Art. 6º - Os Policiais-militares designados nos termos da presente Lei ficam sujeitos:

Art. 6º Os Militares do Estado inativos designados nos termos da presente Lei Complementar ficam sujeitos: (Redação dada pela LC111/2008)

Art. 6º Os Militares do Estado inativos designados nos termos da presente Lei ficam sujeitos: (Redação dada pela Lei n° 15.120/2013)

I- ao cumprimento das normas disciplinares em vigor na Corporação, nos mesmos moldes do serviço ativo;

II - ás normas administrativas e de serviço em vigor nos órgãos onde tiverem atuação.

 

Art. 7º - Os policiais-militares designados nos termos da presente Lei poderão ser dispensados:

Art. 7º Os Policiais Militares designados conforme esta Lei deverão ser dispensados:(Redação dada pela Lei 12.010/2001)

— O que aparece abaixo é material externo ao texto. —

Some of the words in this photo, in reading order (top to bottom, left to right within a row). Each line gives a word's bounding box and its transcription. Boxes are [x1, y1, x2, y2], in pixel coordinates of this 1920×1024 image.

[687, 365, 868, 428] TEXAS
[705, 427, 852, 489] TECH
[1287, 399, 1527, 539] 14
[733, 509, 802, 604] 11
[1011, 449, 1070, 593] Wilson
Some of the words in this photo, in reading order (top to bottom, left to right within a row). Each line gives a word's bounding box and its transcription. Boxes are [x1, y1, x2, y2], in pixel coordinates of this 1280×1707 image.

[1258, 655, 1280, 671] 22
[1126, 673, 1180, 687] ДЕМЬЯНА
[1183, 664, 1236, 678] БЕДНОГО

Art. 7º Os Militares do Estado inativos designados nos termos da presente Lei Complementar poderão ser dispensados: (Redação dada pela LC111/2008)

Art. 7º Os Militares do Estado inativos designados nos termos da presente Lei poderão ser dispensados: (Redação dada pela Lei n° 15.120/2013)

I - a pedido;

II - "ex-offício"

a) por conclusão do prazo de designação;

b) por terem cessado os motivos da designação;

c) por interesse ou conveniência da Administração, a qualquer tempo;

d) por te sido julgado fisicamente incapaz para o desempenho da designação, em inspeção realizada por Junta Médica da Corporação, a qualquer tempo.

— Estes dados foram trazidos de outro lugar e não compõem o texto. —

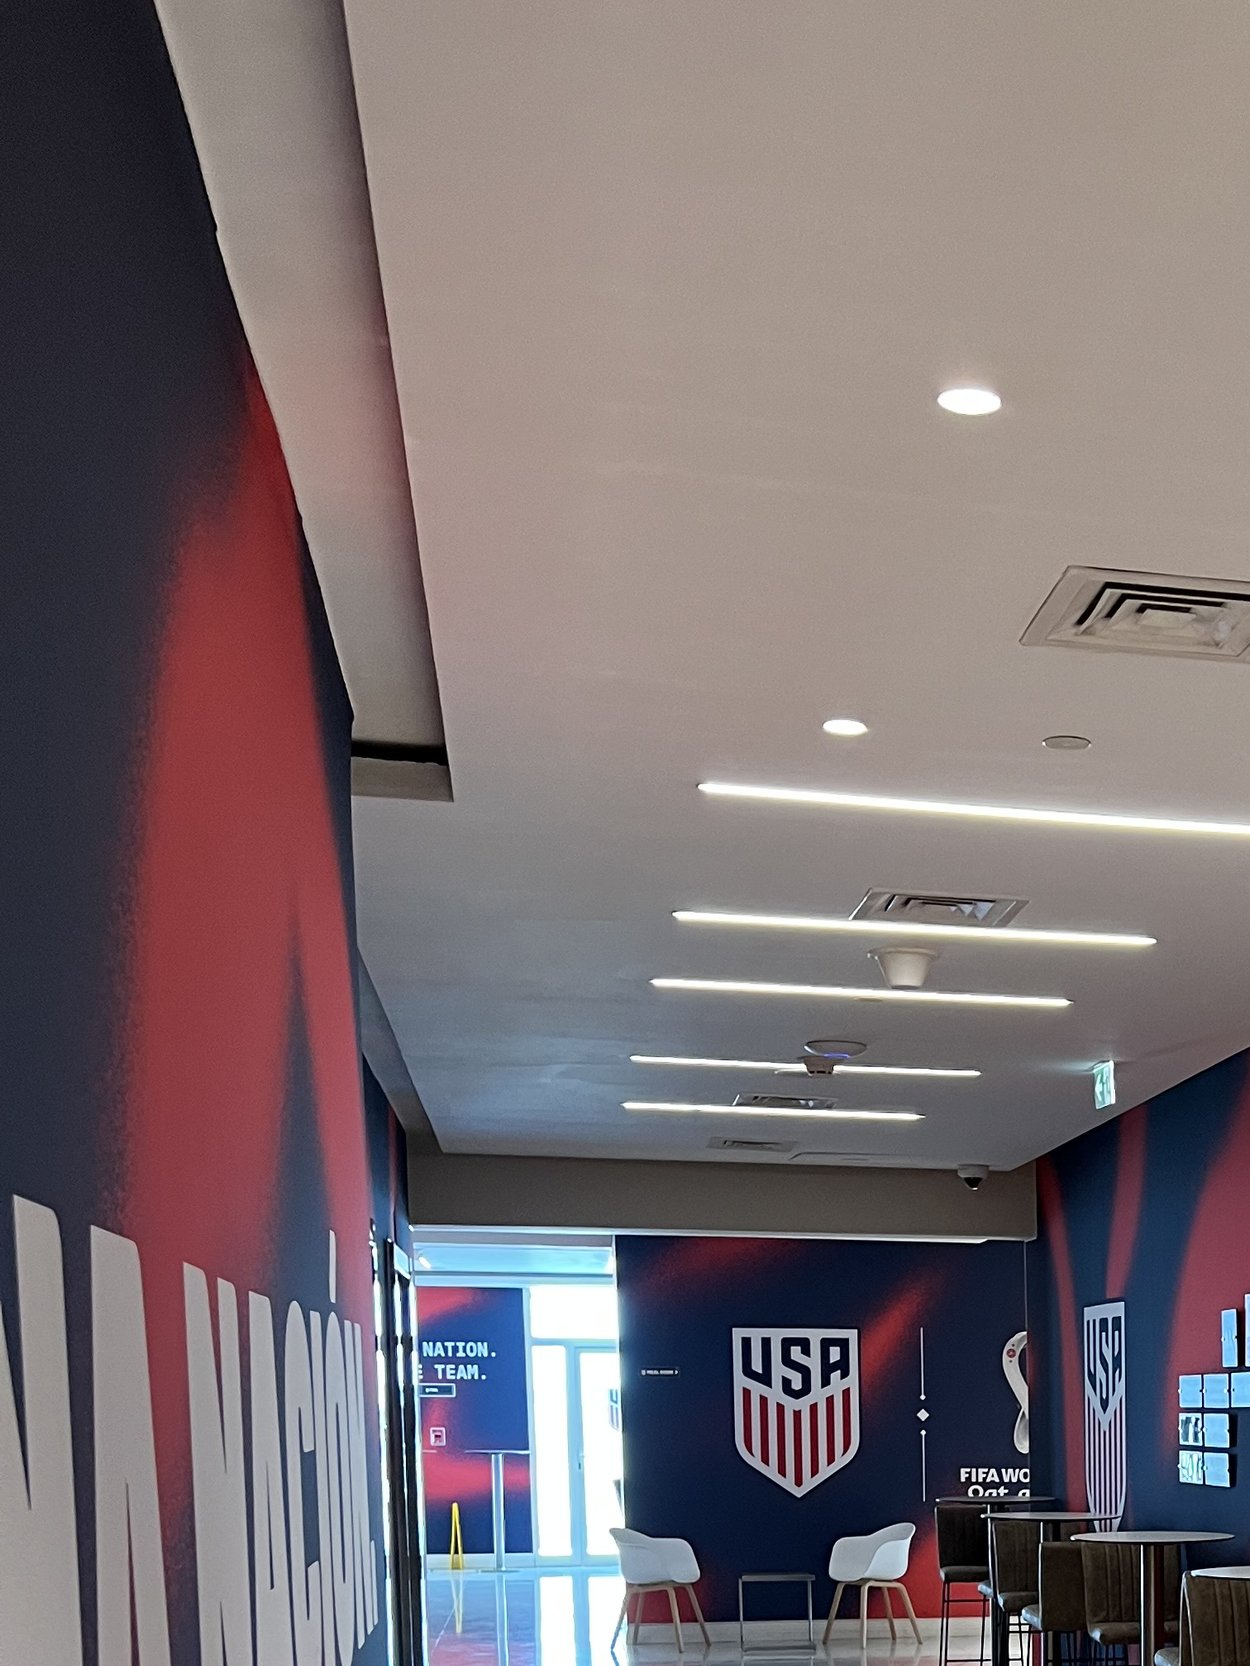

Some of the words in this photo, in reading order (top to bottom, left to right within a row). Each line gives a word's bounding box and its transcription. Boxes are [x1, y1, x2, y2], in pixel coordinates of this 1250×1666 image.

e) por cometimento de infração funcional, após processo administrativo em que seja assegurado o contraditório e a ampla defesa. (Incluído pela Lei Complementar 078/2005)

 

Art. 8º - A designação de policial-militar da reserva remunerada será efetuada pelo Comandante Geral da Polícia Militar, mediante expressa autorização do Chefe do Poder Executivo.

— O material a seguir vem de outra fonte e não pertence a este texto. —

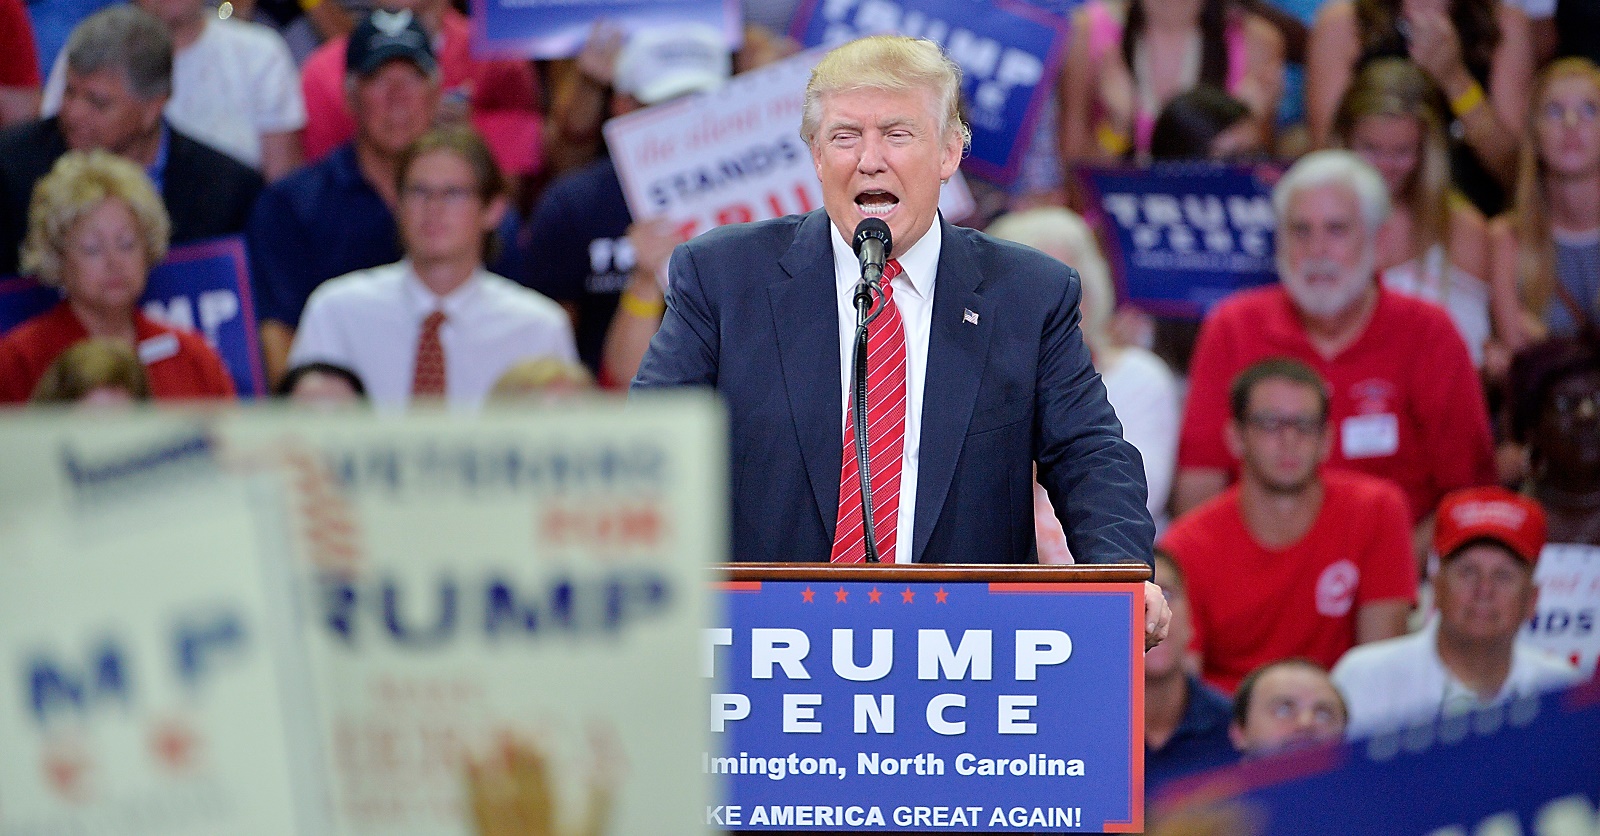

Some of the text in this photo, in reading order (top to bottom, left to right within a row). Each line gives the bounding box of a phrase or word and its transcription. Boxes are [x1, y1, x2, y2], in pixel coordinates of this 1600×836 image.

Art. 8º A designação do Militar do Estado inativo será efetuada mediante Portaria do Secretário de Defesa Social, após aprovação pela Câmara de Política de Pessoal - CPP. (Redação dada pela Lei n° 15.120/2013)

 

Art. 9º - O tempo de designação para a realização da tarefa por prazo certo será anotado na ficha do policial-militar apenas para fins de registro, não sendo computado como tempo de serviço e não produzindo quaisquer efeitos em sua situação de inatividade.

 Art. 9º O tempo de designação será anotado na ficha do Militar do Estado inativo apenas para fins de registro, não sendo computado como tempo de serviço e não produzindo quaisquer efeitos em sua situação de inatividade. (Redação dada pela LC111/2008)

 

Art. 10 - Na relação Jurídica que se estabelecer com base na presente Lei serão observadas as disposições dos artigos 61, "caput", e 94, inciso I e II, da Lei nº 6783, de 16 de outubro de 1974.

Art. 10. Na relação jurídica que se estabelecer com base na presente Lei serão observadas as disposições do artigo 61, § 1º, da Lei nº. 6.783, de 16 de outubro de 1974. (Redação dada pela Lei Complementar 081/2005)

 

Art. 11 - Será assegurado o direito à pensão especial à família do policial-militar da reserva remunerada que, no exercício das tarefas por prazo certo, para as quais for designado, vier a falecer em consequência de acidente em serviço ou de moléstia dele decorrente.

Art. 11 Será assegurado o direito à pensão especial à família do Militar Estadual Inativo que, no exercício de segurança patrimonial e demais atividades previstas nesta Lei, para as quais for designado, vier a falecer em conseqüência de acidentes em serviço ou de moléstias dele decorrentes.(Redação dada pela Lei 12.494/2003)

 

Art. 12 - Esta Lei entra em vigor na data de sua publicação.

 

Art. 13. - Revogam-se as disposições em contrário.

 

PALÁCIO DO CAMPO DAS PRINCESAS, em 22 de julho de 1994.